┌─ SUPPLIED RECORDS
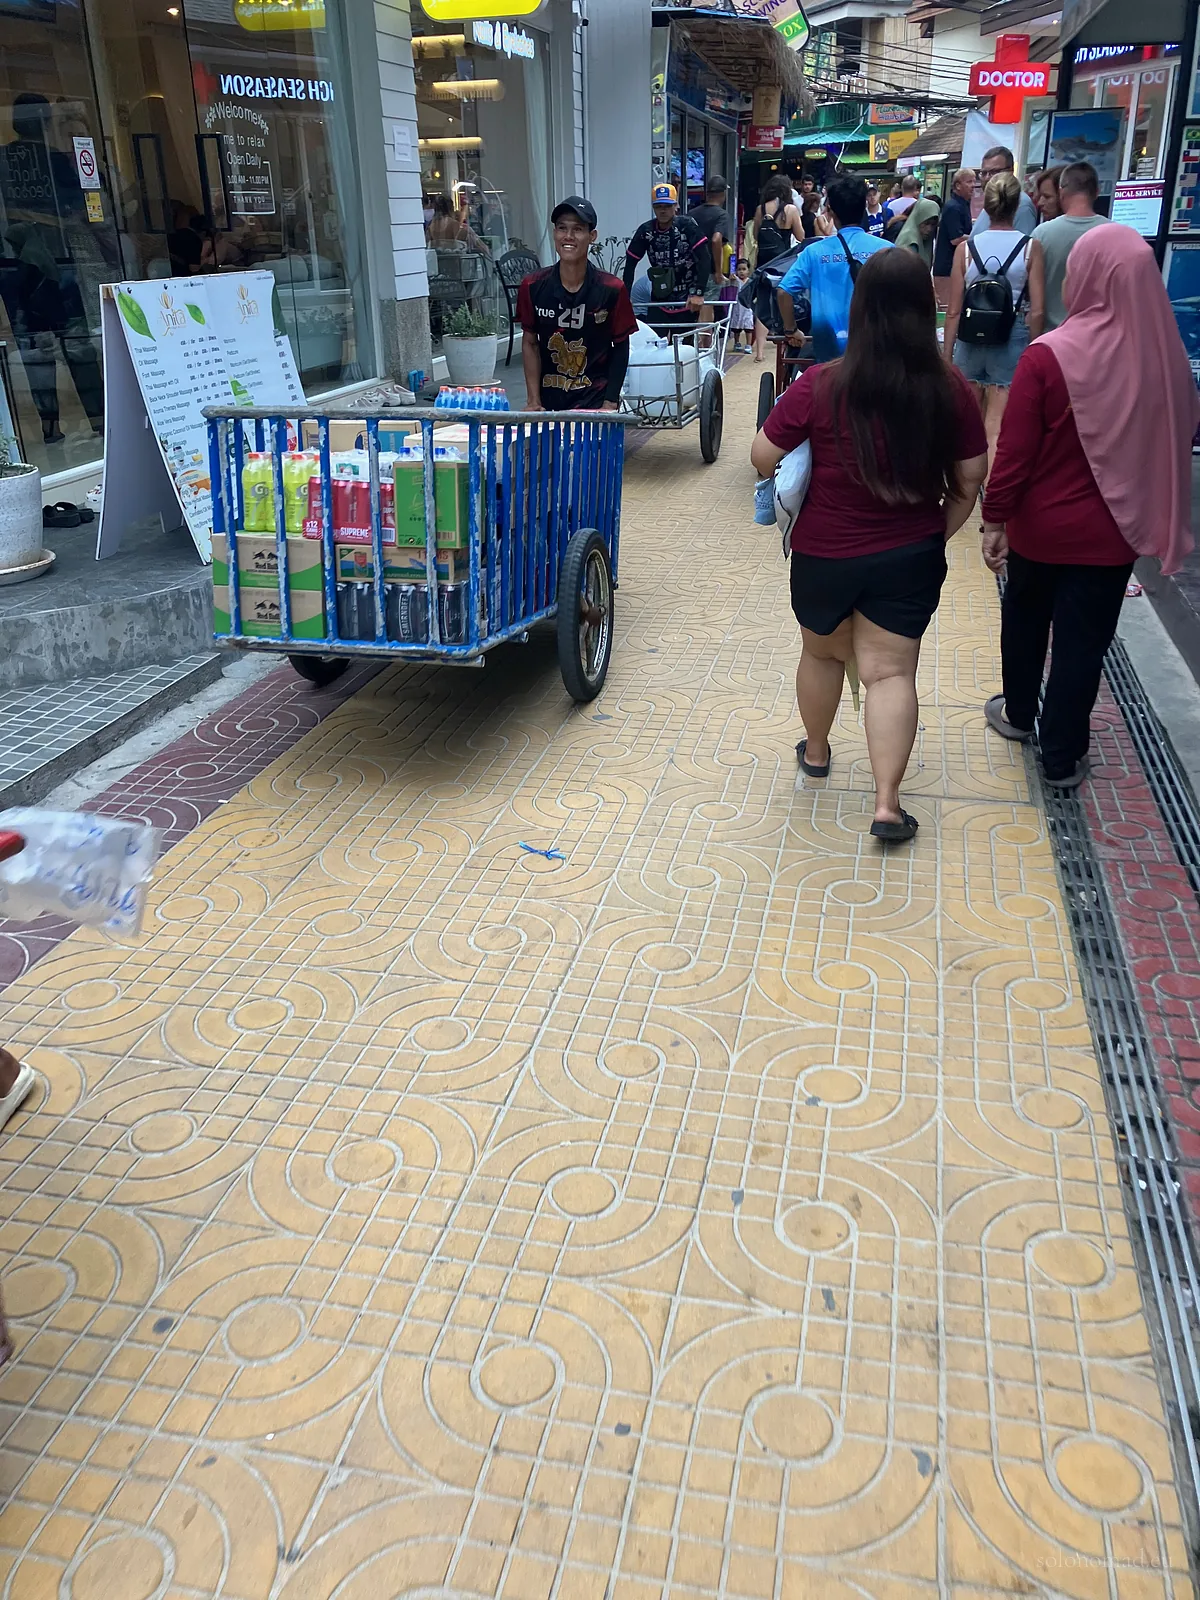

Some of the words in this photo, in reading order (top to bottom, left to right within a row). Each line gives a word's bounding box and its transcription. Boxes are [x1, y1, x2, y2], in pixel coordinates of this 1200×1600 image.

[780, 18, 803, 38] OX
[978, 71, 1045, 87] DOCTOR
[215, 101, 262, 125] Welcome
[236, 134, 245, 146] to
[247, 135, 265, 148] relax
[226, 151, 246, 168] Open
[245, 153, 262, 169] Daily
[1114, 190, 1135, 199] DICAL
[557, 303, 586, 330] 29
[340, 526, 369, 538] SUPREME
└─
DIRECTIONS FOR THIS TASK: Pictures aside, print every line of the material exactly.

EXPECTED ANSWER:
Some of the words in this photo, in reading order (top to bottom, left to right within a row). Each line gives a word's bounding box and its transcription. Boxes are [x1, y1, x2, y2], in pixel coordinates of this 1200×1600 image.

[780, 18, 803, 38] OX
[978, 71, 1045, 87] DOCTOR
[215, 101, 262, 125] Welcome
[236, 134, 245, 146] to
[247, 135, 265, 148] relax
[226, 151, 246, 168] Open
[245, 153, 262, 169] Daily
[1114, 190, 1135, 199] DICAL
[557, 303, 586, 330] 29
[340, 526, 369, 538] SUPREME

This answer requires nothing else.